Problem to solve – Because the copy must hold no pictures, return the data below with all of its words intact.

Task data –
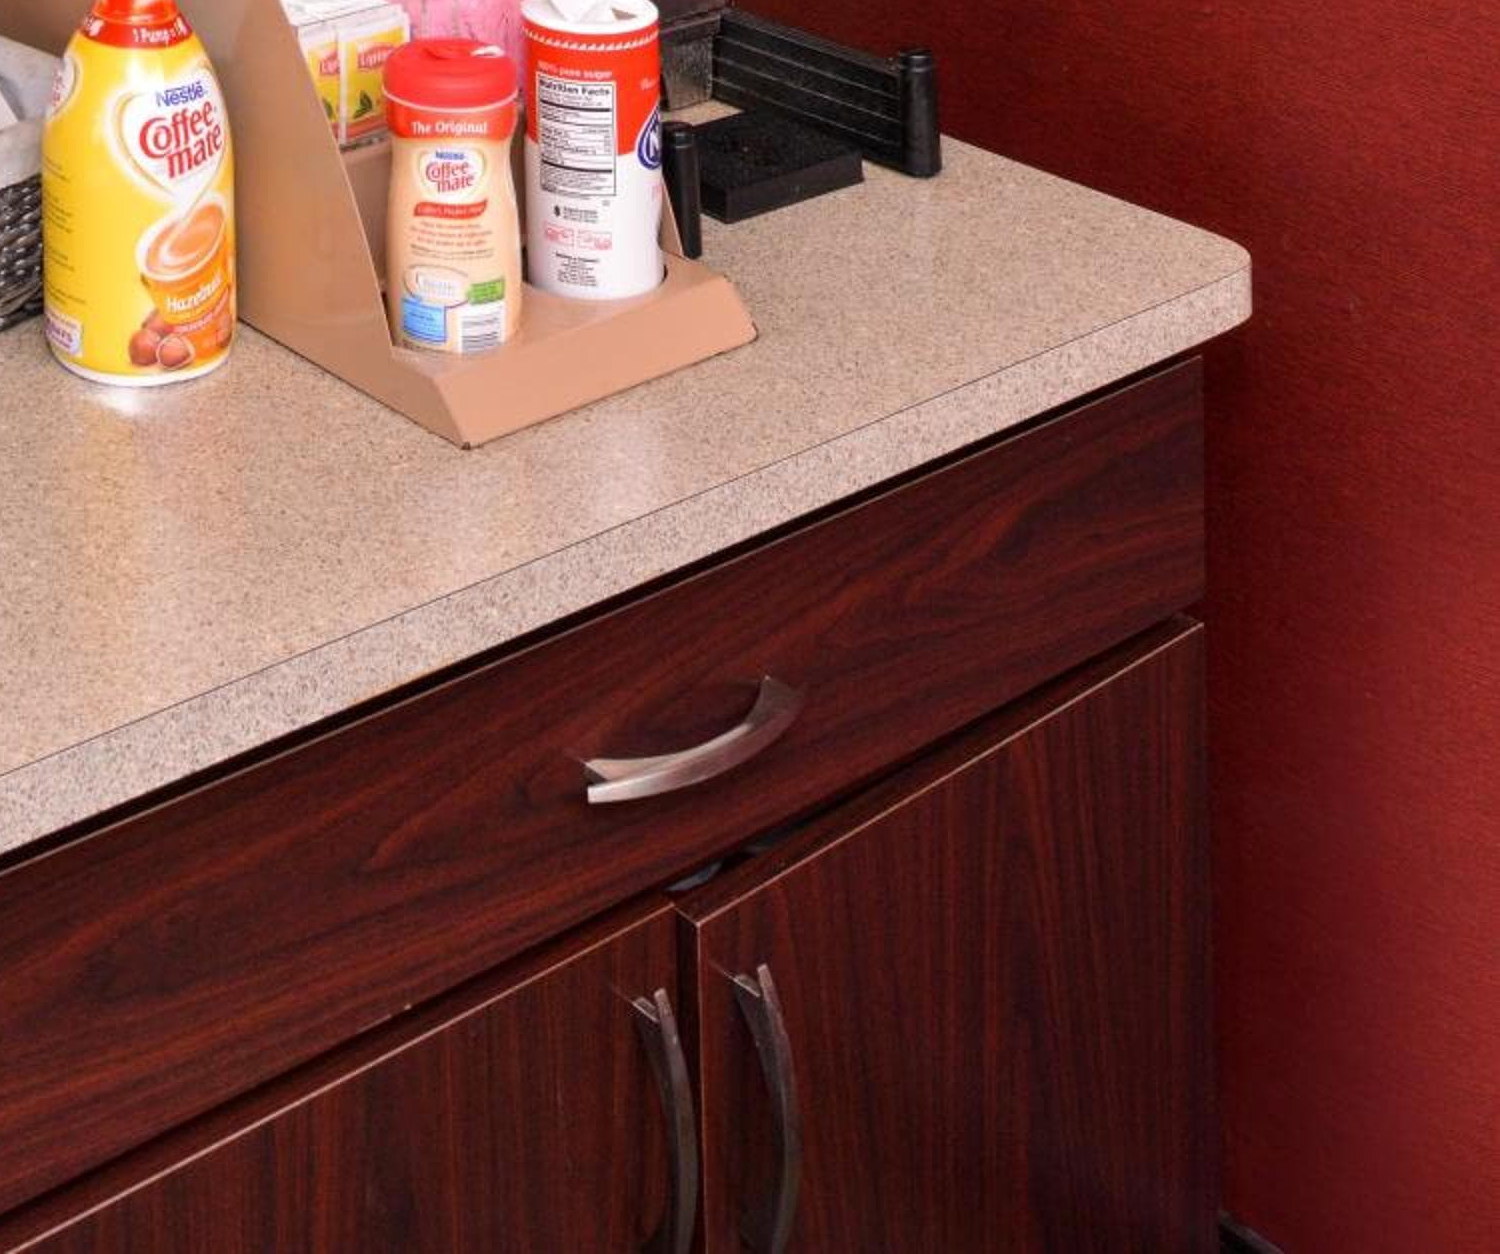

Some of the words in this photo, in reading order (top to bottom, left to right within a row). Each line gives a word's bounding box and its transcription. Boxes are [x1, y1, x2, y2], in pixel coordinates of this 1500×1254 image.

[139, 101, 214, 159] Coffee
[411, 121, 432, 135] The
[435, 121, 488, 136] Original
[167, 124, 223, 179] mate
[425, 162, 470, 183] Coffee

Result –
Some of the words in this photo, in reading order (top to bottom, left to right within a row). Each line gives a word's bounding box and its transcription. Boxes are [x1, y1, x2, y2], in pixel coordinates of this 1500×1254 image.

[139, 101, 214, 159] Coffee
[411, 121, 432, 135] The
[435, 121, 488, 136] Original
[167, 124, 223, 179] mate
[425, 162, 470, 183] Coffee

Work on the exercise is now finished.